When affirmation replaces love, the church does not become more compassionate—it becomes less honest. And when honesty disappears, discipleship quietly dissolves. We may keep people comfortable, but we no longer help them become more like Jesus. (Ephesians 4:15)

I want to be clear about something. I didn’t arrive at these convictions easily—or abstractly. I’ve wrestled with them in real time, in real rooms, with real people who were desperate to be seen, known, and cared for. I’ve felt the weight of responding to pain that doesn’t resolve quickly and stories that don’t fit neatly into theological categories.

And I’ve felt the pull from both directions.

On one side, the pressure to remove truth in the name of compassion—to soothe pain by affirming whatever brings immediate relief. On the other, the temptation to withhold care until the “right” beliefs are in place—to make belonging conditional on agreement, and help contingent on compliance.

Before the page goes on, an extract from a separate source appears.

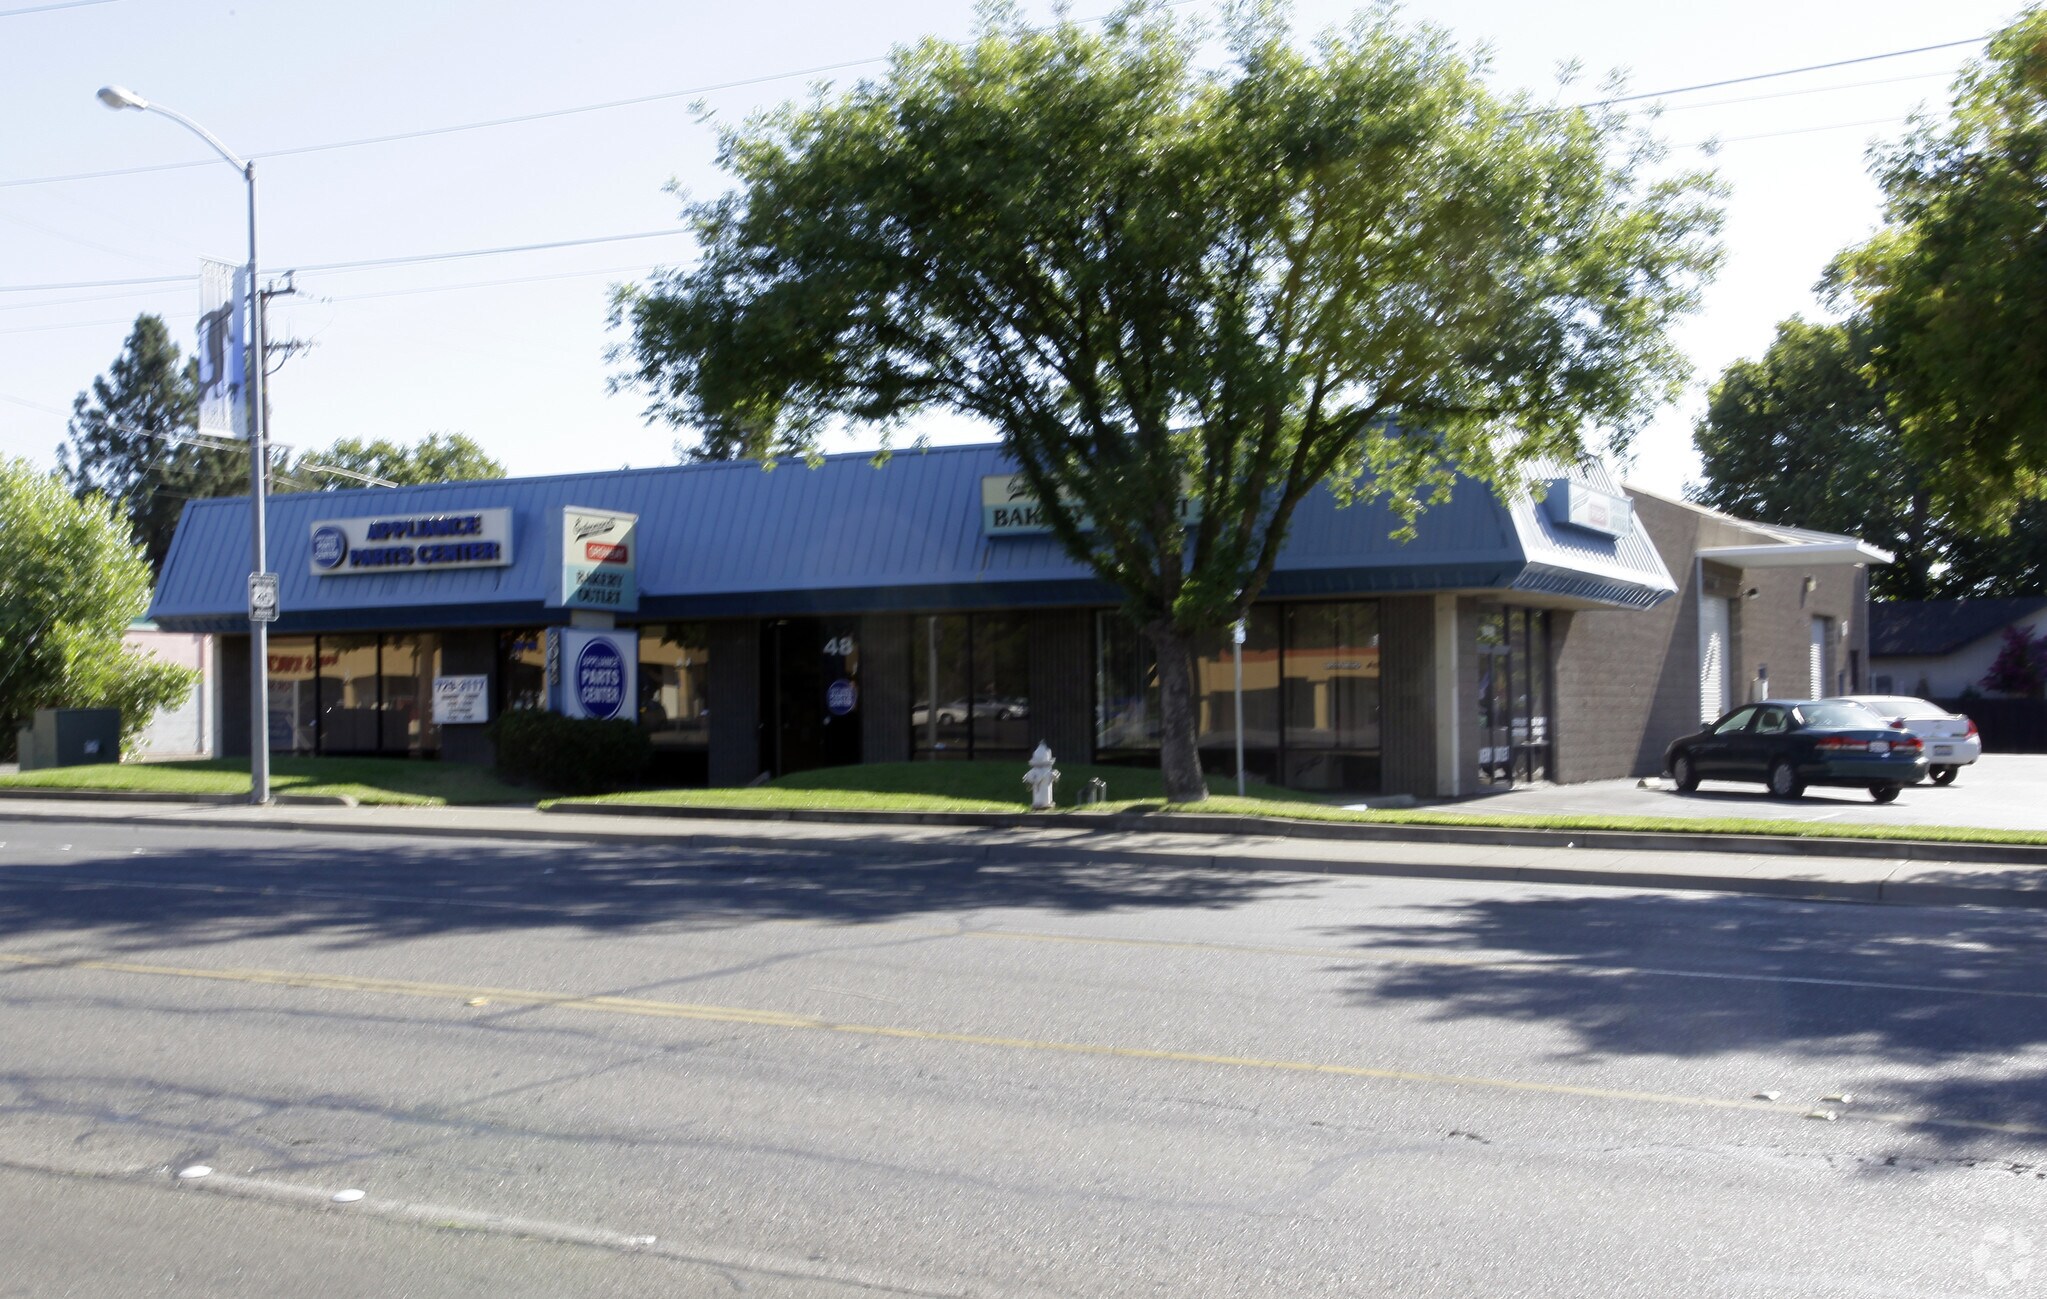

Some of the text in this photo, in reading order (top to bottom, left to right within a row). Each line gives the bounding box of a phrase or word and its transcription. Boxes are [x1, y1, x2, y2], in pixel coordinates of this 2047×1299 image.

The church has fallen into both traps.

In some spaces, compassion has been reduced to affirmation. In others, care has been delayed until someone meets a set of spiritual standards—accept Jesus first, then we’ll help you. Both approaches misunderstand the heart of Christ.

Jesus never demanded theological clarity before offering care. He healed before people believed rightly. He fed crowds who would later misunderstand Him. He touched lepers before sermons were preached. Compassion was not His reward for belief—it was the soil in which belief could grow.

And yet, He never lied about the cost of discipleship.

He offered presence without preconditions and truth without coercion. He refused both emotional manipulation and spiritual gatekeeping. That balance is harder than either extreme—but it is the way of Jesus.

People rarely argue their way into healing—but they also cannot be loved into wholeness through lies.

There’s an old parable that comes to mind. The trees in the forest kept inviting the axe to lead them—because his handle was made of wood. He sounded familiar. He spoke their language. He convinced them he was one of them. And by the time they realized what they had surrendered, it was already too late.

That is what compassion becomes when it is severed from truth. It does not arrive as an enemy. It arrives as reassurance. It promises safety while quietly dismantling what makes life possible.

Biblical compassion is different.

Scripture never presents compassion as the avoidance of discomfort at all costs. Biblical compassion moves toward suffering without surrendering reality. It loves without lying. It stays present without manipulating outcomes.

One of the clearest pictures of this is Jesus and the rich young man. The text is explicit—Jesus looks at him and loves him. And then He tells him the truth. Clearly. Honestly. Without negotiation.

And when the man walks away, Jesus lets him go.

He does not chase him.
He does not soften the demand.
He does not regulate the man’s distress by lowering the cost.

Jesus allows him the dignity of response.

That moment is often misread as harshness. It is not. It is regulated compassion. Jesus does not withhold love; He refuses to lie in order to prevent pain. He will not manage anxiety at the expense of truth.

That is not a lack of empathy.
That is the courage of compassion.

Trauma-informed care teaches us that over-accommodation can feel loving while quietly causing harm. When we rush to remove discomfort instead of staying grounded, we teach people—unintentionally—that they cannot tolerate reality. We soothe, but we do not strengthen. We calm, but we do not heal.

The goal of compassion is not immediate comfort.
The goal of compassion is restoration.

That kind of compassion is slower. Stronger. More patient. It is willing to be misunderstood. Willing to be rejected. Willing to let someone walk away rather than surrender what is true.

This is not a call for less empathy.
It is a call for formed compassion—the kind that tells the truth, holds space, and trusts people with reality, even when it hurts.

Jesus shows us that love does not always keep people from pain. Sometimes love preserves truth and allows pain to do its refining work.

That kind of compassion does not win applause.
But it keeps love and truth from being torn apart.